[Opening Data section]

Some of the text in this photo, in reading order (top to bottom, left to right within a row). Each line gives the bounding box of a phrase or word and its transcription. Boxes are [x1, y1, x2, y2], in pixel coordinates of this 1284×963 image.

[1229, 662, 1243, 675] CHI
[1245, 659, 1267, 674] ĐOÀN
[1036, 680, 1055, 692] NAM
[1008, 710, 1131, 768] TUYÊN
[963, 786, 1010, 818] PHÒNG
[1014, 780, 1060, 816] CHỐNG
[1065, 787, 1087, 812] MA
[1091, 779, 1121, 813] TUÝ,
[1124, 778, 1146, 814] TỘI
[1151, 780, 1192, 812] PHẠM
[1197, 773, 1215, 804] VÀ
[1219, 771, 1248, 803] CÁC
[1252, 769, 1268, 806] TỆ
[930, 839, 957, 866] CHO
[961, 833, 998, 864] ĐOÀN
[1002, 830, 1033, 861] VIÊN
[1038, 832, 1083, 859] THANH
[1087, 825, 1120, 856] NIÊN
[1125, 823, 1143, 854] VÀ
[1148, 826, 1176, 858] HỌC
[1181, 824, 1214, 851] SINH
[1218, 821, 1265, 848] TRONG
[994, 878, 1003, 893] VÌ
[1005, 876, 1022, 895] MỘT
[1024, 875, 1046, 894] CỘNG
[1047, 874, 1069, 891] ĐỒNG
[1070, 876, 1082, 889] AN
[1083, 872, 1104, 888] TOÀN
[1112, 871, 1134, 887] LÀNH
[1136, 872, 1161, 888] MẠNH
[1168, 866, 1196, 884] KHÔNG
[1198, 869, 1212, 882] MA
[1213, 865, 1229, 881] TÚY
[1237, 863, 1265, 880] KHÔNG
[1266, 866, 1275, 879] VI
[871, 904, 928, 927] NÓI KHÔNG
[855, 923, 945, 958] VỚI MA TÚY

[Closing Data section]

* To do: Repeat, word for word, all of the data shown above.

* Reply:
Some of the text in this photo, in reading order (top to bottom, left to right within a row). Each line gives the bounding box of a phrase or word and its transcription. Boxes are [x1, y1, x2, y2], in pixel coordinates of this 1284×963 image.

[1229, 662, 1243, 675] CHI
[1245, 659, 1267, 674] ĐOÀN
[1036, 680, 1055, 692] NAM
[1008, 710, 1131, 768] TUYÊN
[963, 786, 1010, 818] PHÒNG
[1014, 780, 1060, 816] CHỐNG
[1065, 787, 1087, 812] MA
[1091, 779, 1121, 813] TUÝ,
[1124, 778, 1146, 814] TỘI
[1151, 780, 1192, 812] PHẠM
[1197, 773, 1215, 804] VÀ
[1219, 771, 1248, 803] CÁC
[1252, 769, 1268, 806] TỆ
[930, 839, 957, 866] CHO
[961, 833, 998, 864] ĐOÀN
[1002, 830, 1033, 861] VIÊN
[1038, 832, 1083, 859] THANH
[1087, 825, 1120, 856] NIÊN
[1125, 823, 1143, 854] VÀ
[1148, 826, 1176, 858] HỌC
[1181, 824, 1214, 851] SINH
[1218, 821, 1265, 848] TRONG
[994, 878, 1003, 893] VÌ
[1005, 876, 1022, 895] MỘT
[1024, 875, 1046, 894] CỘNG
[1047, 874, 1069, 891] ĐỒNG
[1070, 876, 1082, 889] AN
[1083, 872, 1104, 888] TOÀN
[1112, 871, 1134, 887] LÀNH
[1136, 872, 1161, 888] MẠNH
[1168, 866, 1196, 884] KHÔNG
[1198, 869, 1212, 882] MA
[1213, 865, 1229, 881] TÚY
[1237, 863, 1265, 880] KHÔNG
[1266, 866, 1275, 879] VI
[871, 904, 928, 927] NÓI KHÔNG
[855, 923, 945, 958] VỚI MA TÚY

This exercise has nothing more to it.